Recorrió con la mirada a los concursantes que todavía estaban esperando para hacer la audición y escogió un blanco. Efectivamente, Kurt Cobain tenía cara de estar incómodo y nervioso de tanto esperar. Estaba de pie, solo, junto a la salida que daba al pasillo, bebiendo de una lata tibia de Sprite con una pajita. «Qué coño», pensó Johnny, y se dirigió hacia él.

—¿Qué, Cobain? ¿Cómo va eso, tío? —le preguntó con una sonrisa de seguridad que desmentía su propio nerviosismo.

El cantante, que tenía pinta de andrajoso, respondió sonriendo a su vez y soltando un poquito de Sprite por la nariz. Al parecer, no estaba acostumbrado a que la gente lo abordase en actitud amistosa, y en todo caso seguramente desconfiaba de las intenciones de Johnny. Daba la impresión de ser un forastero y de no estar haciendo nada especial para encajar en el grupo.

—Para serte sincero, estoy cagado —contestó sin mentir.

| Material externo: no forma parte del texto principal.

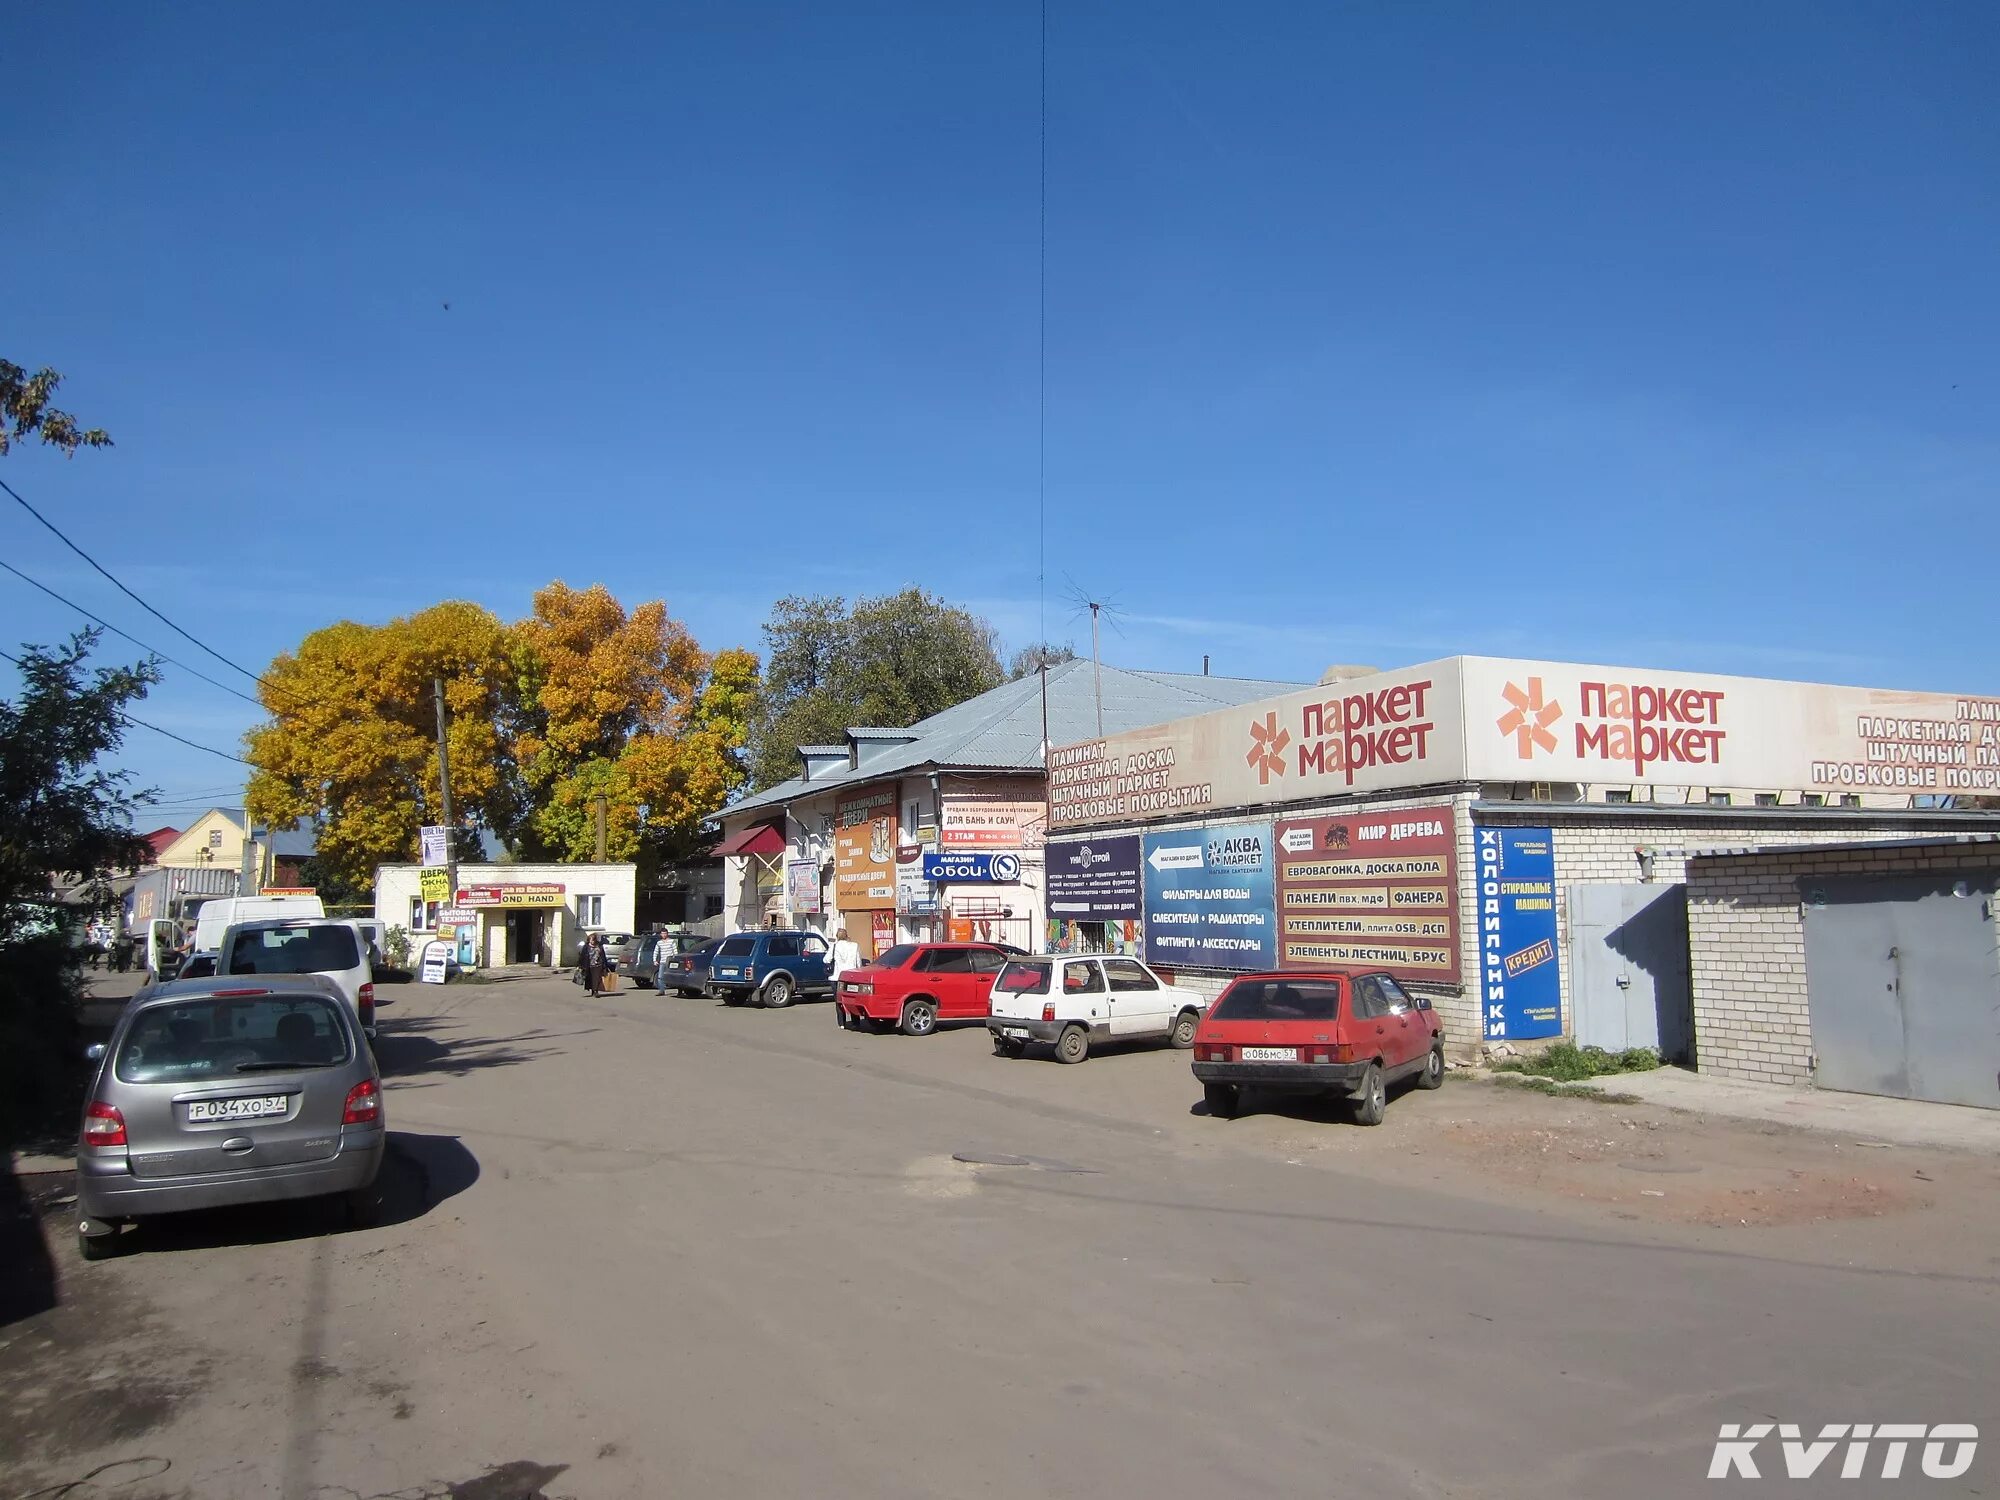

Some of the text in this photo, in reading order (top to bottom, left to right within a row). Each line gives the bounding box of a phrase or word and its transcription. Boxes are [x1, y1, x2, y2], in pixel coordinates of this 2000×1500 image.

[1859, 717, 1971, 742] ПАРКЕТНАЯ
[1051, 742, 1106, 768] ЛАМИНАТ
[1867, 741, 1966, 765] ШТУЧНЫЙ
[1052, 748, 1175, 785] ПАРКЕТНАЯ ДОСКА
[1812, 762, 1936, 787] ПРОБКОВЫЕ
[1052, 778, 1111, 803] ШТУЧНЫЙ
[1117, 769, 1169, 794] ПАРКЕТ
[1053, 784, 1212, 822] ПРОБКОВЫЕ ПОКРЫТИЯ
[843, 808, 868, 830] ДВЕРИ
[947, 816, 1015, 825] ДЛЯ БАНЬ И САУН
[422, 827, 445, 835] ЦВЕТЫ
[954, 832, 976, 840] ЭТАЖ
[1289, 832, 1311, 840] МАГАЗИН
[1358, 821, 1444, 841] МИР ДЕРЕВА
[1224, 837, 1262, 853] АКВА
[1091, 851, 1111, 863] СТРОЙ
[1223, 854, 1263, 866] МАРКЕТ
[420, 868, 448, 879] ДВЕРИ
[1288, 861, 1440, 877] ЕВРОВАГОНКА, ДОСКА ПОЛА
[1162, 889, 1250, 900] ФИЛЬТРЫ ДЛЯ ВОДЫ
[1501, 882, 1552, 895] СТИРАЛЬНЫЕ
[1287, 893, 1385, 904] ПАНЕЛИ ПВХ, МДФ
[1394, 892, 1445, 904] ФАНЕРА
[1515, 898, 1552, 911] МАШИНЫ
[1120, 903, 1136, 911] ДВОРЕ
[1152, 913, 1265, 925] СМЕСИТЕЛИ РАДИАТОРЫ
[1288, 920, 1365, 933] УТЕПЛИТЕЛИ,
[1395, 923, 1420, 934] OSB,
[1422, 924, 1445, 935] ДСП
[1480, 831, 1506, 1037] ХОЛОДИЛЬНИКИ
[1156, 936, 1261, 951] ФИТИНГИ АКСЕССУАРЫ
[1289, 946, 1446, 963] ЭЛЕМЕНТЫ ЛЕСТНИЦ, БРУС
[1507, 943, 1549, 971] КРЕДИТ
[1284, 1049, 1294, 1057] 57
[265, 1096, 281, 1107] 57

—No me digas. Pues yo tengo una cosa que puede remediarlo.

—¿De verdad?

—De verdad.

Kurt lo miró con suspicacia.

—No estarás intentando venderme ese rollo de Jesús y el Poder de la Oración, ¿no? —preguntó.

—Qué va. —Johnny sonrió de oreja a oreja. Haciendo caso omiso del potente olor corporal de Kurt, se inclinó hacia él y le susurró al oído—: ¿Te apetece una rayita de coca?

—¿Tienes?

«Dios, este tío es raro de cojones», pensó Johnny.

—No, sólo te la estaba ofreciendo —contestó con fuerte sarcasmo, antes de añadir—: Pues claro que tengo. ¿Quieres?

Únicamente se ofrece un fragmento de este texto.